Creative Writing at Amherst College

Judith Frank talks about what it takes to succeed as a writer and touches on what students can expect from the creative writing program at Amherst College.

Transcript of “Creative Writing at Amherst”

Students often ask me what makes a good writer, or if I think they can be a writer, and what they're usually asking me is: Am I gifted enough to be a writer?

And it's true that a lot of our students have lavish gifts. They really do. But the thing that I want them to know is that your gift is about a third of what it's going to take to be a good writer. One is going to be just sitting down and doing this, day after day. You have to sustain yourself, your own energy. You have to sustain your commitment to the project for a really long time. 

And then if you can do that, you have to be able to take disappointment and failure. I think those things combined are what makes a good writer. 

So we teach creative writing in Amherst within the English department, and the reason we do that is because we believe that reading widely is a key part of being a writer. We have courses in fiction and poetry and then if you want to write something long and sustained in your senior year, you can do a senior thesis in English. And people do write novellas, they write collections of short stories, collections of poetry.
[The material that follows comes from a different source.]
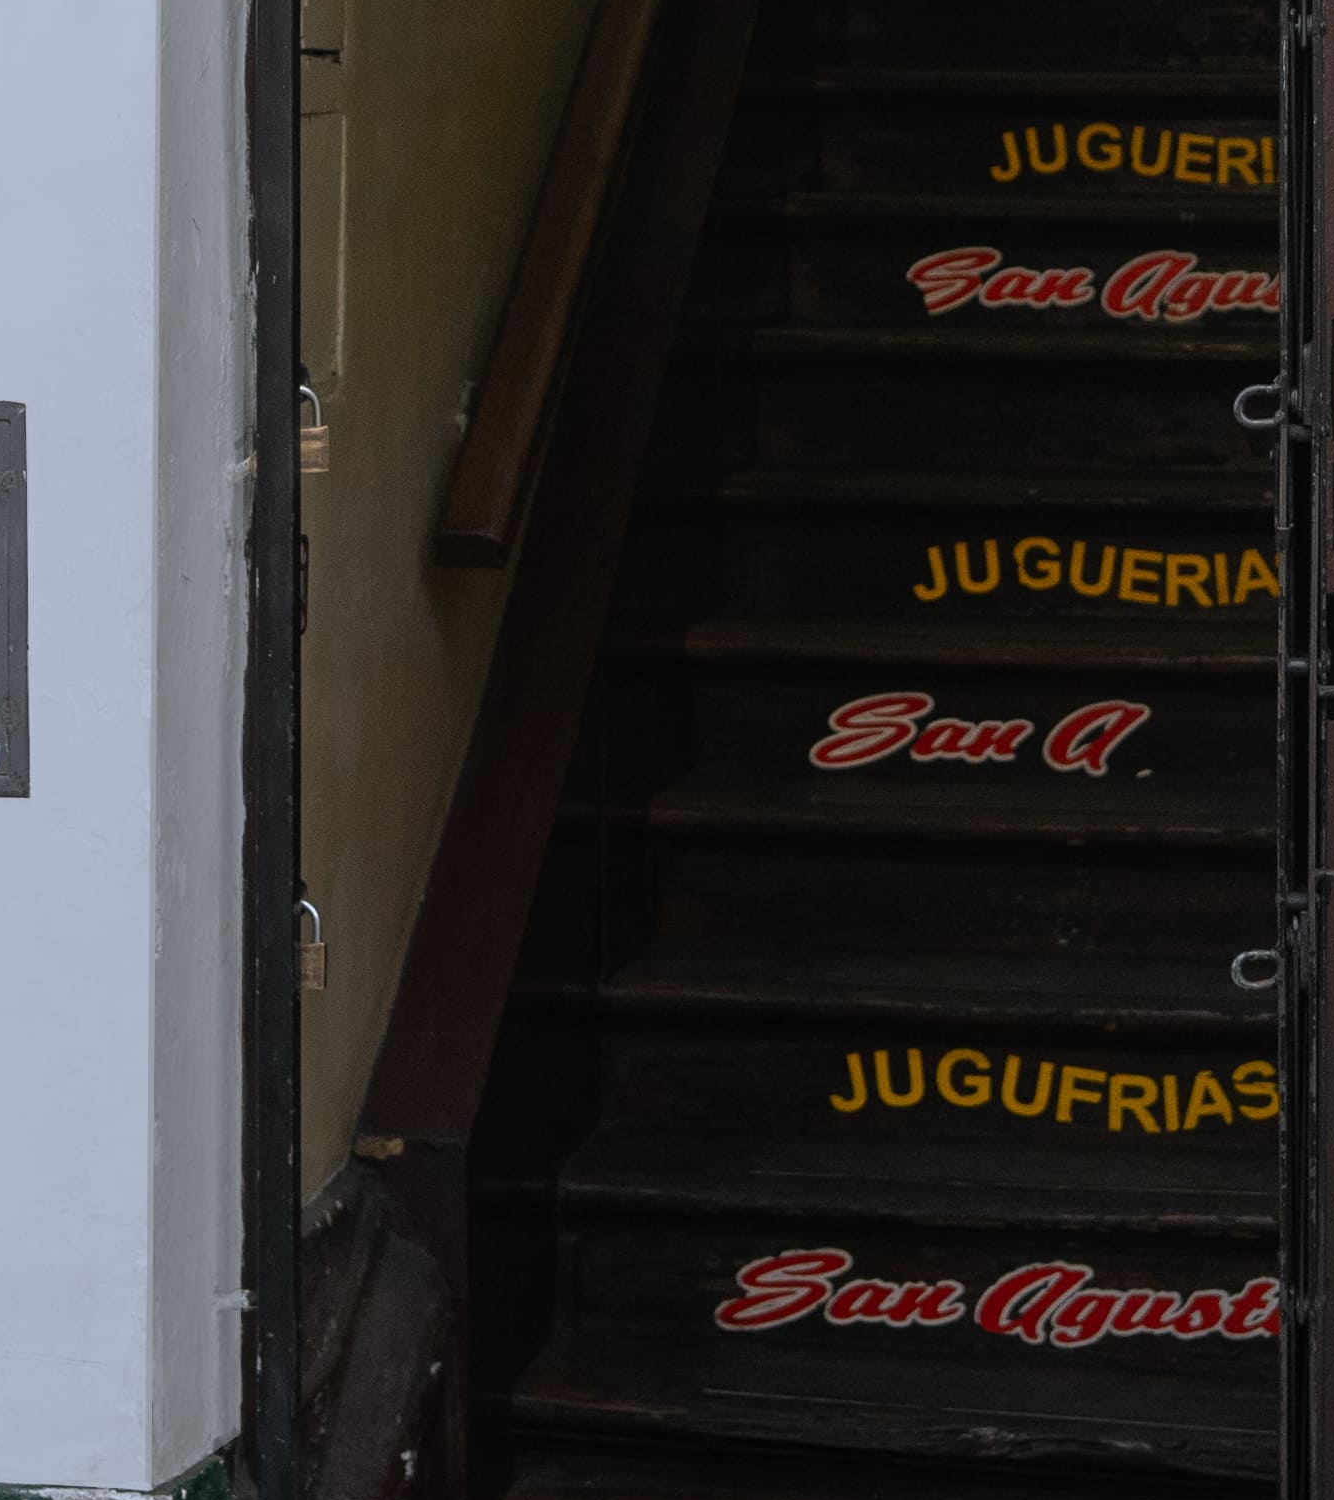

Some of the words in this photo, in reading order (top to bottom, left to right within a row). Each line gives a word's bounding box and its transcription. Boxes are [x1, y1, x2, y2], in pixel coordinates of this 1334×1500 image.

They write memoirs, and we actually had a student who did a graphic novel for their senior thesis, and I think got summa cum laude for it well.

We have writers like myself who are tenured and who stay for a very long time. We also have a writer-in-residence who comes in for a six-year term, and also a visiting writer who has a two to three-year term. But they're here long enough to see students through the major but also short enough for it to turn over and to get people with a variety of viewpoints and skills.
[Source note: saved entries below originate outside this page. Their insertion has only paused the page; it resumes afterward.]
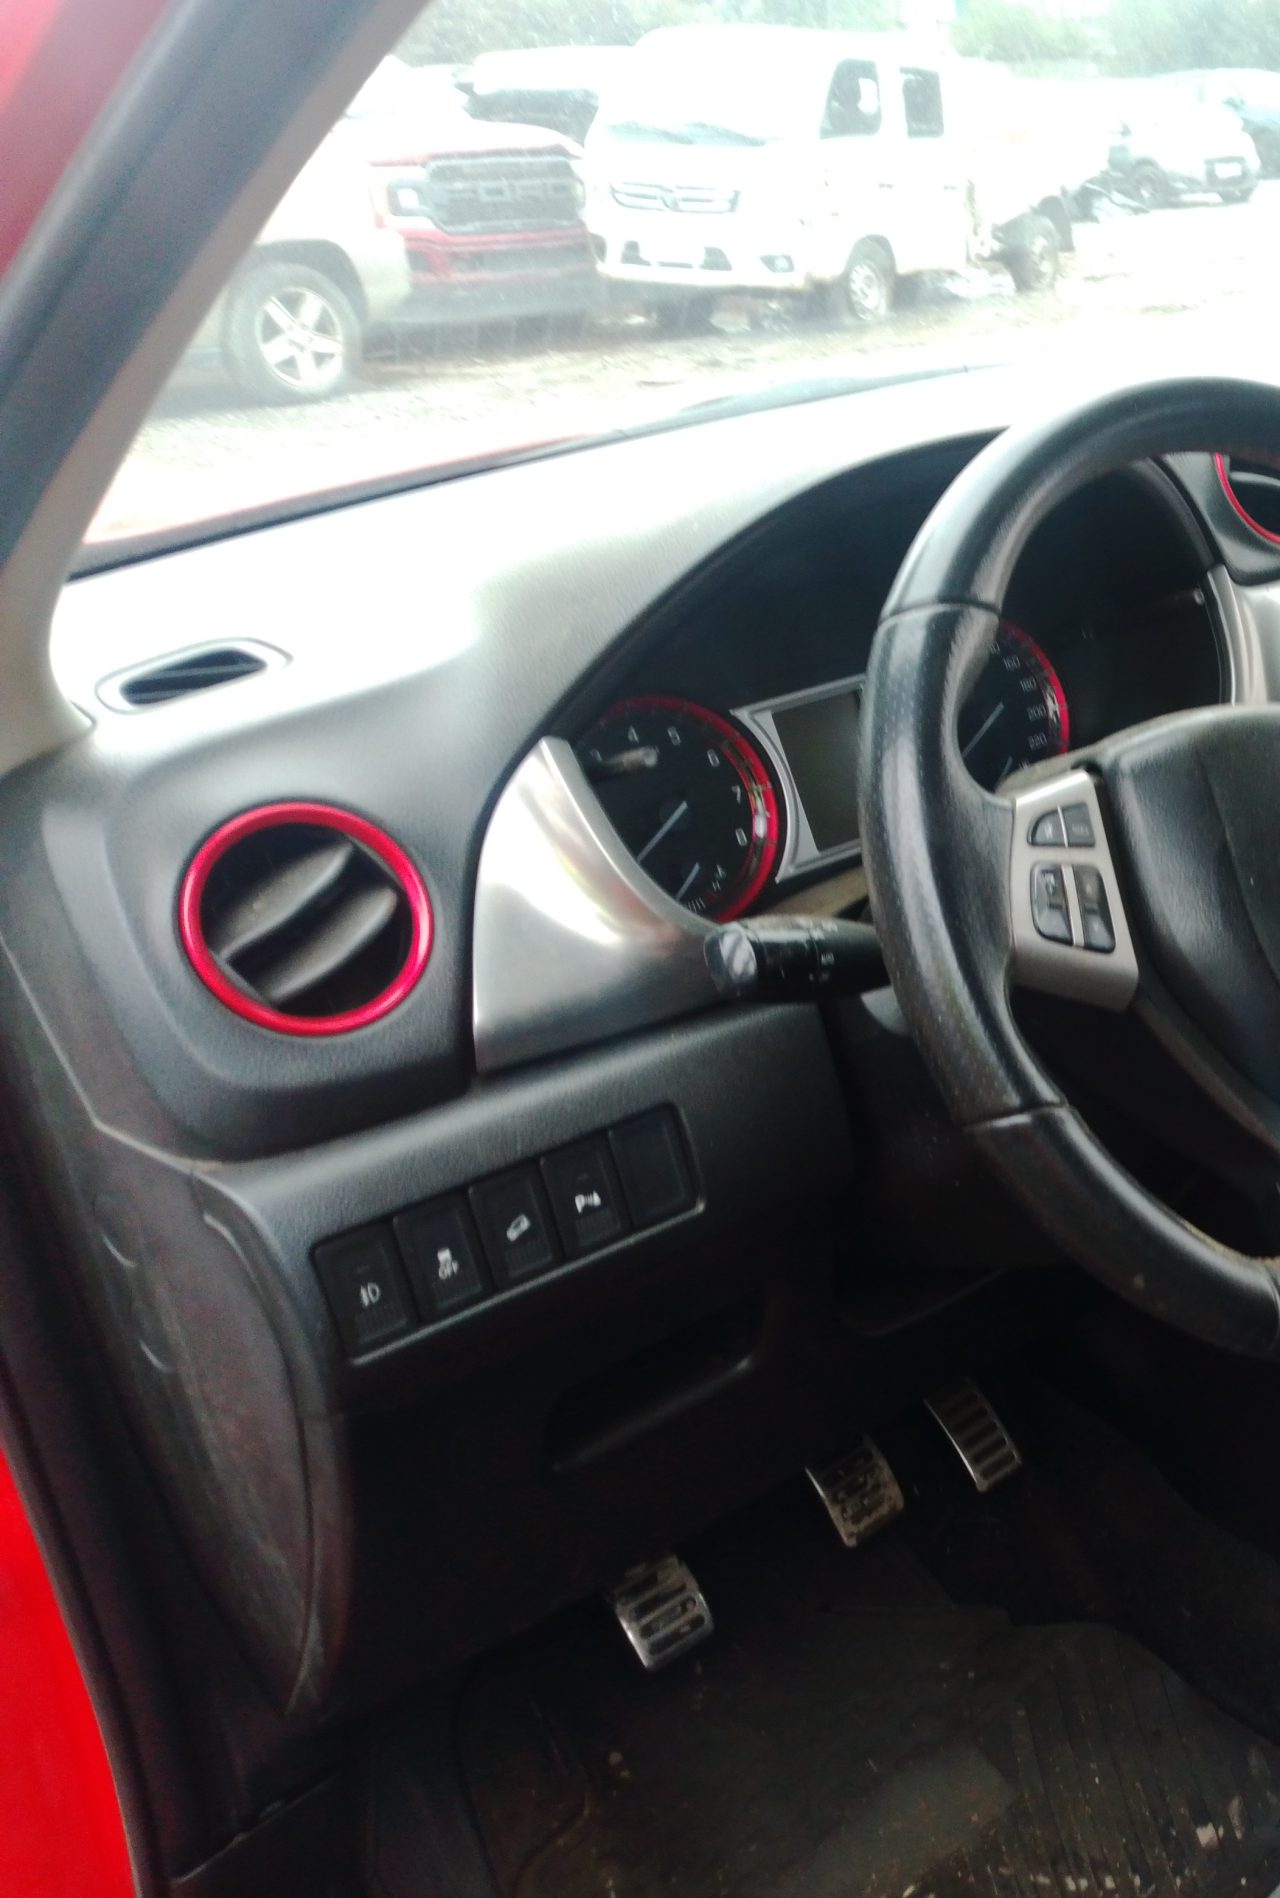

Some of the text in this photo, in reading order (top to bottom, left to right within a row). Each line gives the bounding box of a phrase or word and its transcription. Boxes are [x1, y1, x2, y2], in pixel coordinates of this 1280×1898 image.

[440, 175, 574, 205] FORD
[628, 725, 640, 743] 4
[667, 726, 681, 746] 5
[707, 749, 720, 767] 6
[731, 785, 741, 804] 7
[735, 828, 748, 847] 8
Teaching creative writing is really special for a few reasons. Students are writing about things that are really important to themselves. And in fiction, they're both revealing things about themselves and they're also able to conceal certain things about themselves. So we focus on the work that they're writing but everybody knows how invested we all are in that work, so they read extremely well for each other. They read generously for each other. Their investment is so strong. They know that they're going to be read really hard and vigorously. You really get to create a community.

Creative writing is, for me, the forum where that happens incredibly beautifully.